Bypass condition: Skip PII masking entirely for Venice-routed requests (Venice has structural zero data retention — PII masking is redundant). Skip for Golem-internal requests (heartbeat, dreams) where no operator PII is present.

L8: Injection Detection — DeBERTa Overhead

The DeBERTa-v3-base prompt injection classifier is a ~184M parameter model.

Latency profile:

DeBERTa-v3-base (CPU, PyTorch): ~30–80ms
DeBERTa-v3-base (CPU, ONNX Runtime): ~15–35ms
DeBERTa-v3-small (CPU, ONNX Runtime): ~8–20ms (slightly less accurate)
DeBERTa-v3-base (GPU): ~3–5ms

Recommendation: Use ONNX-optimized DeBERTa-v3-small for default, DeBERTa-v3-base for high-security. Run in parallel with semantic cache and PII masking.

Bypass condition: Skip for Golem-internal requests (heartbeat, dreams, curator — the prompts are generated by trusted code, not user input). Only run on operator-facing requests and tool results from external sources.

L5: History Compression — The Sleeping Giant

History compression is not on the critical path for most requests. It only triggers when the conversation approaches the context limit (80% of the model’s window). When it does trigger, it’s expensive: an LLM call to summarize older turns (200–2000ms depending on the summarization model).

Mitigation:

Never block on compression. Compress asynchronously: send the current request with the full history, and compress in the background for the next request.
Pre-compress proactively: When history reaches 60% of the limit, start compressing in the background (during idle time between heartbeats).
Use Anthropic Compaction when available: Server-side compaction happens in-band and is typically faster + higher quality than client-side.
Compression model choice matters: Use Haiku or Gemini Flash (~200ms TTFT) for compression, not Opus (~1500ms TTFT). The summary doesn’t need to be brilliant — it needs to be fast and accurate.

3. Streaming Considerations

3.1 Time-to-First-Token (TTFT) Impact

TTFT is the most perceptible latency metric. Users notice when the screen is blank.

Without Bardo Inference:
  User sends message → LLM processes → first token streams
  TTFT = LLM processing time (200ms–2000ms)

With Bardo Inference:
  User sends message → Pipeline (20–65ms) → LLM processes → first token streams
  TTFT = Pipeline (20–65ms) + LLM processing time (200ms–2000ms)

Overhead: 1–30% increase in TTFT

For fast models (Groq Llama at ~200ms TTFT), the pipeline adds a noticeable ~30% overhead.

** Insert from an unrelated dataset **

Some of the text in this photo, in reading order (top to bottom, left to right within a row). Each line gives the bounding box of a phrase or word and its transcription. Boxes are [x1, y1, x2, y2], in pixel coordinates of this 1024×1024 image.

For standard models (Claude Opus at ~1500ms TTFT), it adds ~3%. For thinking models (R1 extended thinking at 5000ms+), it’s invisible.

3.2 Streaming Passthrough

Once the pipeline completes and the request reaches the backend, streaming works identically to a direct connection. Bardo Inference forwards SSE events as they arrive — there is no buffering or batching of streaming tokens. The bardo-ui-bridge parser operates on individual events as they stream through.

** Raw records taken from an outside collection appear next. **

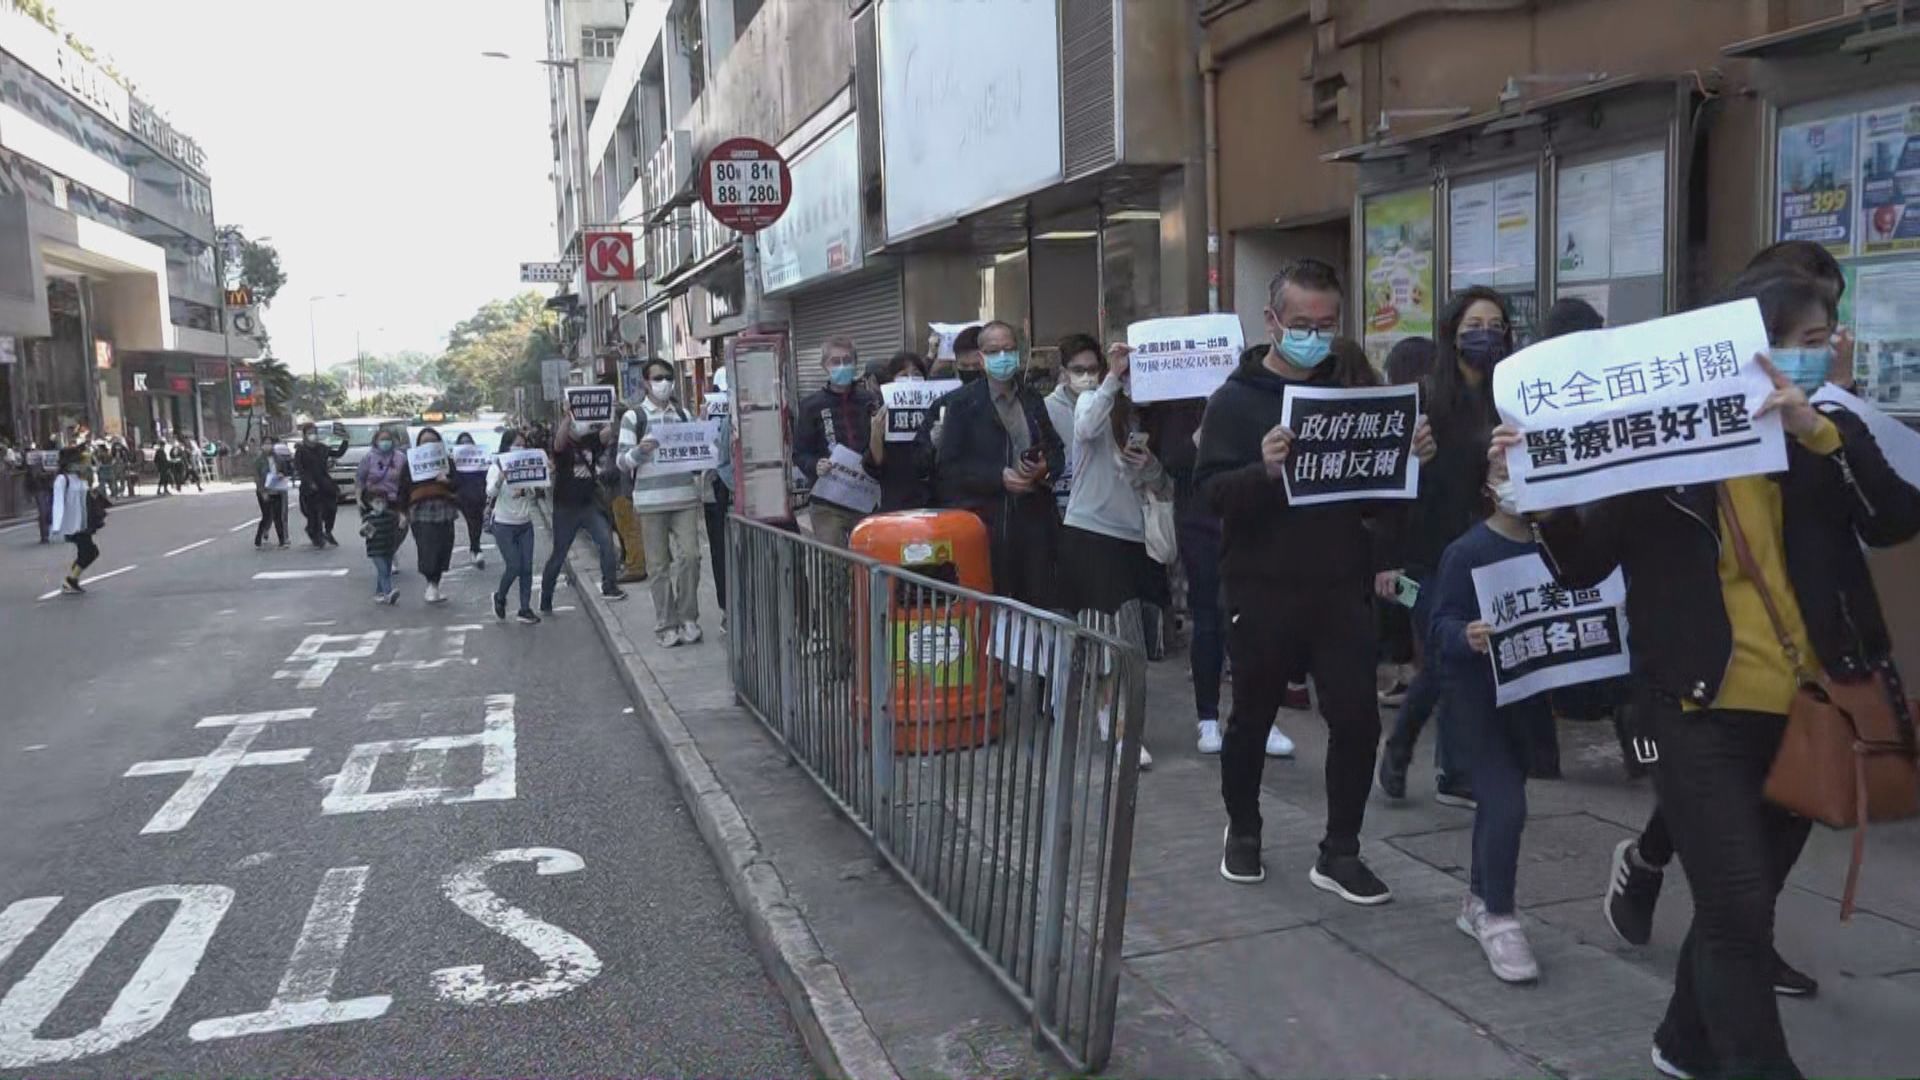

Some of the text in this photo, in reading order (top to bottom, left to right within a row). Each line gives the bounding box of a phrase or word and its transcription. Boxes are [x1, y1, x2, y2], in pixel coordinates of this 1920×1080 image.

[1814, 189, 1846, 213] 399
[597, 240, 626, 275] K
[1517, 340, 1739, 416] 快全面封關
[893, 390, 946, 406] 保護火
[1299, 410, 1405, 441] 政府無良
[1525, 393, 1752, 469] 醫療唔好慳
[1295, 448, 1400, 482] 出爾反爾
[0, 846, 603, 1068] STO

Backend SSE event → Bardo Inference (passthrough, ~0ms) → Client

The only streaming-specific overhead is the bardo-ui-bridge parsing (think tag detection, citation extraction), which is pure string processing at < 0.1ms per event.

3.3 Cache Hits: Dramatically Faster

When the semantic or hash cache hits, the response is returned without any LLM call:

Cache hit path:
  User sends message → Pipeline parallel group (~20ms) → Cache hit → Return cached response
  TTFT: ~20ms (vs. 200–2000ms without cache)

This is 10–100x faster than a fresh LLM call.

For Golem heartbeat ticks in calm markets (where ~20% of requests are semantically identical to recent ones), this means 1 in 5 ticks completes in ~20ms instead of ~500ms. This is a massive UX win for the TUI and web dashboard — the Golem appears to “think” instantly for routine checks.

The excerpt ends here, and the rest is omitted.